Le Chant du Troll (Pierre Bottero ; illustrations : Gilles Francescano)

Comme promis, l’article d’aujourd’hui concerne Le Chant du Troll, un roman de Pierre Bottero illustré par Gilles Francescano. Si je met l’accent sur l’illustrateur, c’est parce que ce livre est à la frontière de l’album et du roman, et que de nombreuses images accompagnent le texte, envahissant les pages ou colorant parfois les lettres elles-mêmes. Je ne sais pas si c’est un hommage à Pierre Bottero de la part de Gilles Francescano, ou si l’auteur avait lui-même demandé ces illustrations, toujours est-il qu’elles sont magnifiques et donnent un air magique à l’ensemble.

« J’en ai ASSEZ ! » La vaisselle vole en éclat sur le carrelage. Léna, couchée sur le tapis bleu du salon, tente d’y disparaître. Sa mère en a assez d’être invisible pour son mari. Assez de devoir casser la vaisselle pour qu’il daigne lui adresser la parole. Assez de vivre avec un homme qui passe ses jours et ses nuits assis devant un ordinateur à écrire désespérément un roman qui ne sera même pas publié. Assez…

Léna se bouche les oreilles mais elle entend toujours. Alors elle chantonne tout bas la comptine qui repousse toujours ses ennuis et éclaire son univers.

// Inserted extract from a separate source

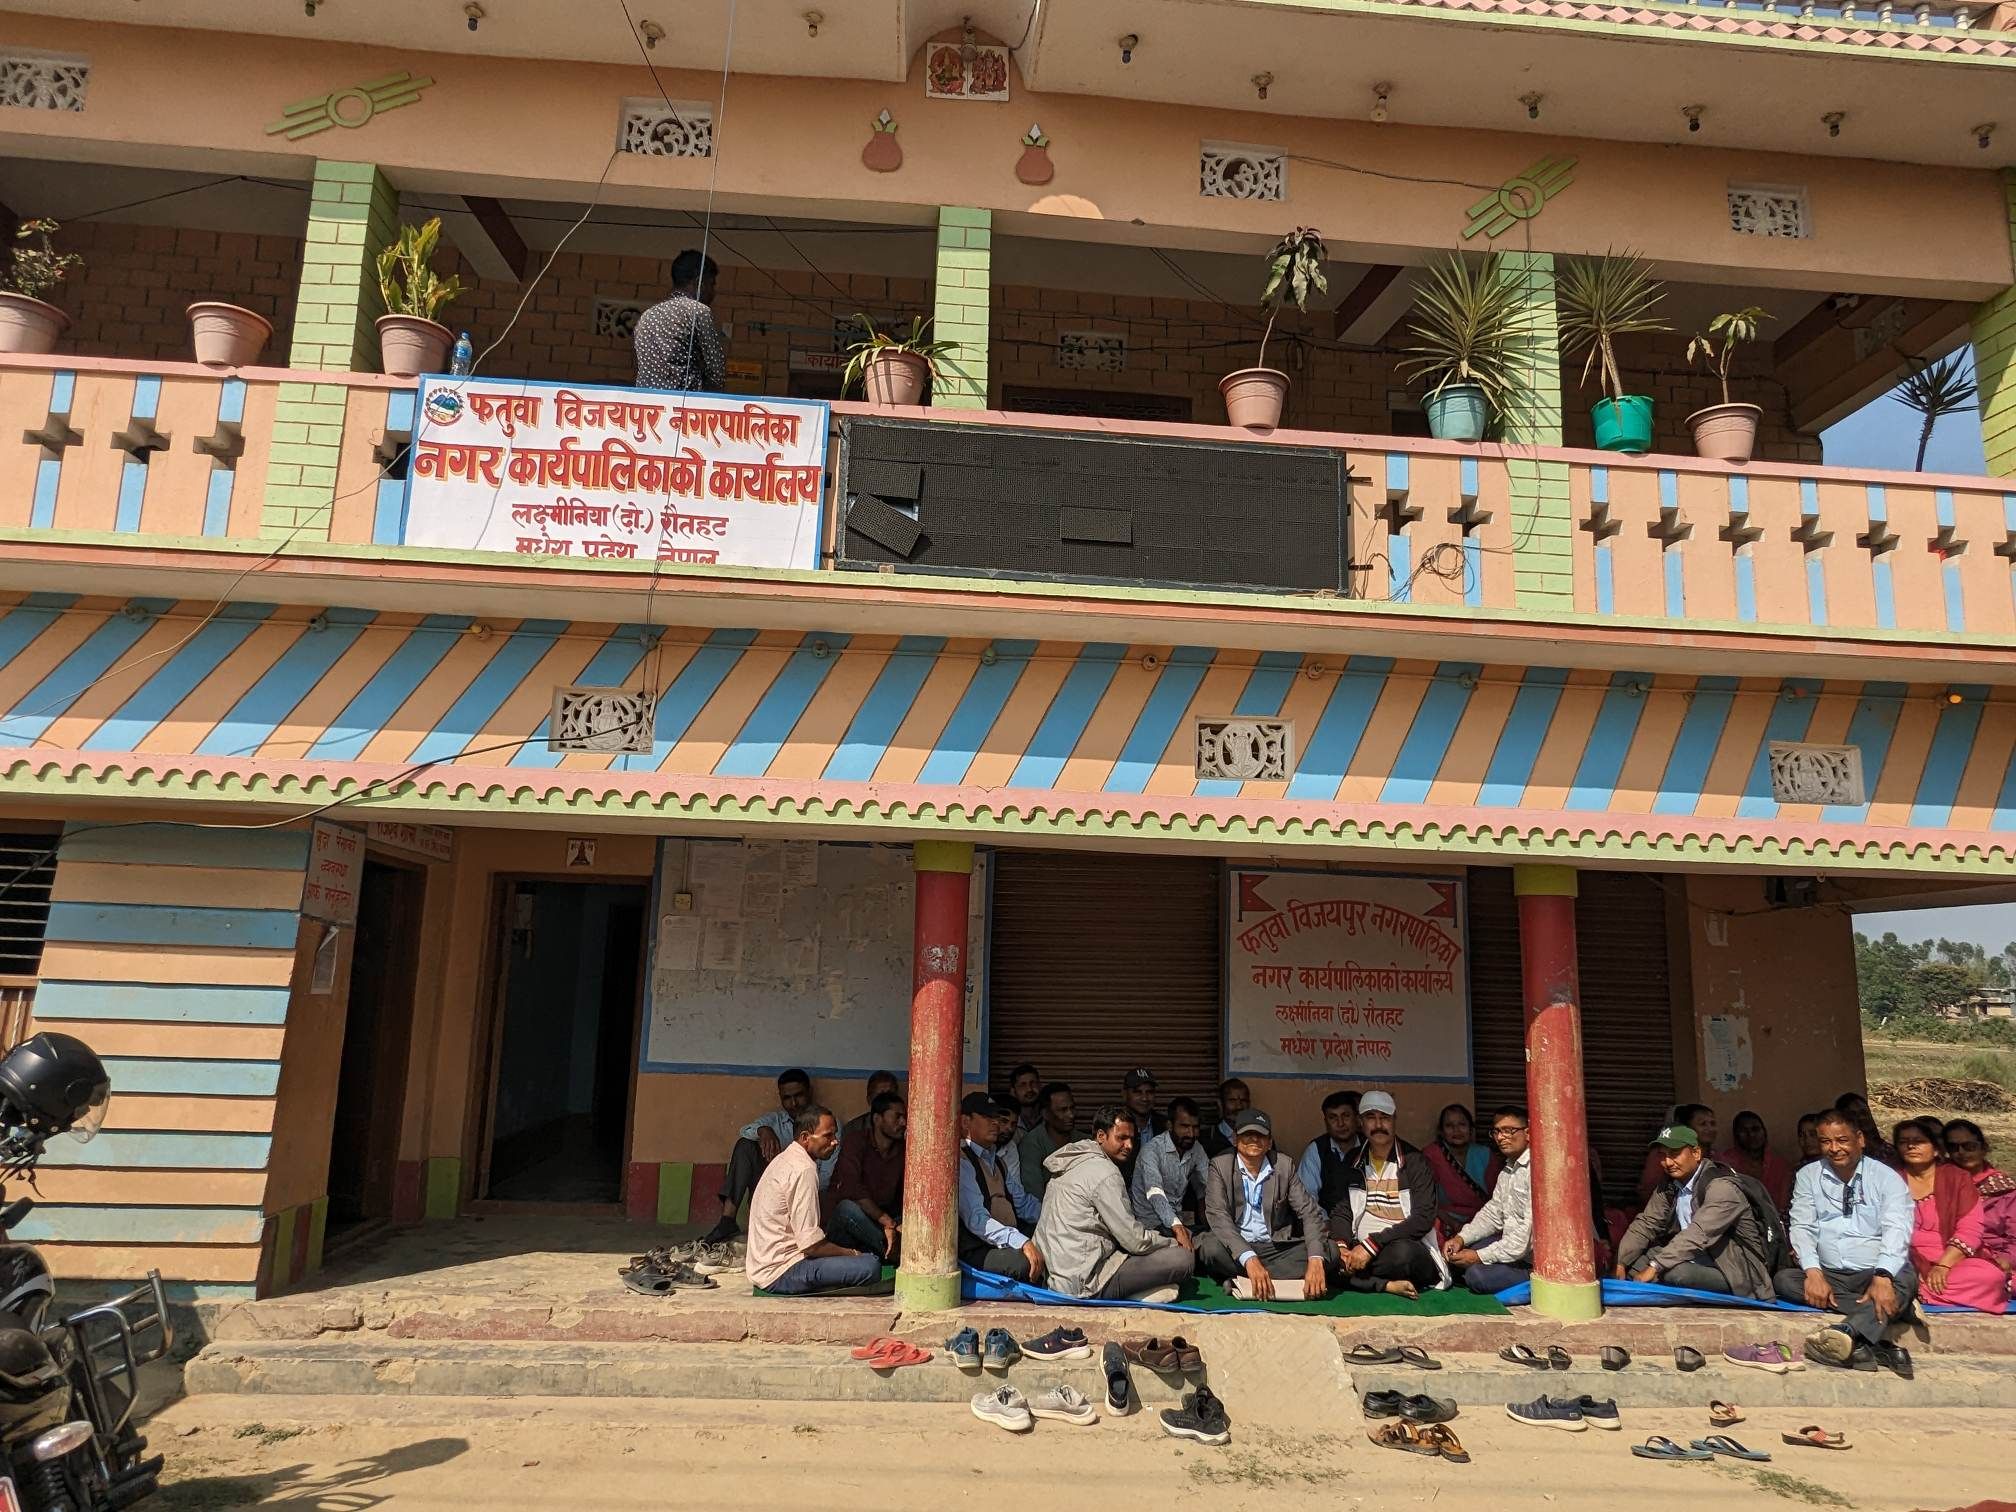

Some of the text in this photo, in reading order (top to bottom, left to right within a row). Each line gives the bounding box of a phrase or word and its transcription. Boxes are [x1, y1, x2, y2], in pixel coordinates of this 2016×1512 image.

Un, deux, trois, Trois à trois, Toi et moi.

Son père hurle.

Un, deux, trois, Trois à trois, Toi et moi.

Voix glaciale de sa mère.

Un, deux, trois, Trois à trois, Toi et moi.

Silence. La comptine marche toujours. Léna sourit, couchée sur le tapis bleu du salon.

Un, deux, trois, Trois à trois, Toi et moi. Un, deux, trois, Trois à trois, toi et moi, Ça fait deux, Qui est trois ? C’est toi !

Dans son lit, Léna comprend que sa mère est parti. « Maman… » Seul le cliquetis saccadé du clavier lui répond.

Un, deux, trois, Trois à trois, Toi et moi.

Elle se rendort. A son réveil, rien n’a changé. Elle part à l’école sans que son père n’ai même levé les yeux de son écran. Dehors, elle s’immobilise, le souffle coupé.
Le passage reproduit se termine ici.